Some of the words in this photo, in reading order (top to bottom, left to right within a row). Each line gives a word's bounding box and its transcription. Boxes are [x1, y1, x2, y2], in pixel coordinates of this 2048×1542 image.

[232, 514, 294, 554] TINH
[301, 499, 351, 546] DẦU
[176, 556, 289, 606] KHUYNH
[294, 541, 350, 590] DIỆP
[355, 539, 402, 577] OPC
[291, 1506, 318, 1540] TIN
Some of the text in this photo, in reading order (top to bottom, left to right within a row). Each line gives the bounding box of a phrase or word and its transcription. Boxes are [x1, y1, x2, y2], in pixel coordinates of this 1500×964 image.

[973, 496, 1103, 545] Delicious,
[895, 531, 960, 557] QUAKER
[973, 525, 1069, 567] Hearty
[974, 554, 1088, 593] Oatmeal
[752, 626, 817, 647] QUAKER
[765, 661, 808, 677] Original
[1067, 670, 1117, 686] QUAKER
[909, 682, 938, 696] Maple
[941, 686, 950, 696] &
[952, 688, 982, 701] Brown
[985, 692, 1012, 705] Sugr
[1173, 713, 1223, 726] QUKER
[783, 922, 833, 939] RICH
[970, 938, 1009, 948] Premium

How to complete this task: Take the entries above and transcribe them exactly as they stand.

Response below:
Some of the words in this photo, in reading order (top to bottom, left to right within a row). Each line gives a word's bounding box and its transcription. Boxes are [x1, y1, x2, y2], in pixel coordinates of this 2048×1542 image.

[232, 514, 294, 554] TINH
[301, 499, 351, 546] DẦU
[176, 556, 289, 606] KHUYNH
[294, 541, 350, 590] DIỆP
[355, 539, 402, 577] OPC
[291, 1506, 318, 1540] TIN
Some of the text in this photo, in reading order (top to bottom, left to right within a row). Each line gives the bounding box of a phrase or word and its transcription. Boxes are [x1, y1, x2, y2], in pixel coordinates of this 1500×964 image.

[973, 496, 1103, 545] Delicious,
[895, 531, 960, 557] QUAKER
[973, 525, 1069, 567] Hearty
[974, 554, 1088, 593] Oatmeal
[752, 626, 817, 647] QUAKER
[765, 661, 808, 677] Original
[1067, 670, 1117, 686] QUAKER
[909, 682, 938, 696] Maple
[941, 686, 950, 696] &
[952, 688, 982, 701] Brown
[985, 692, 1012, 705] Sugr
[1173, 713, 1223, 726] QUKER
[783, 922, 833, 939] RICH
[970, 938, 1009, 948] Premium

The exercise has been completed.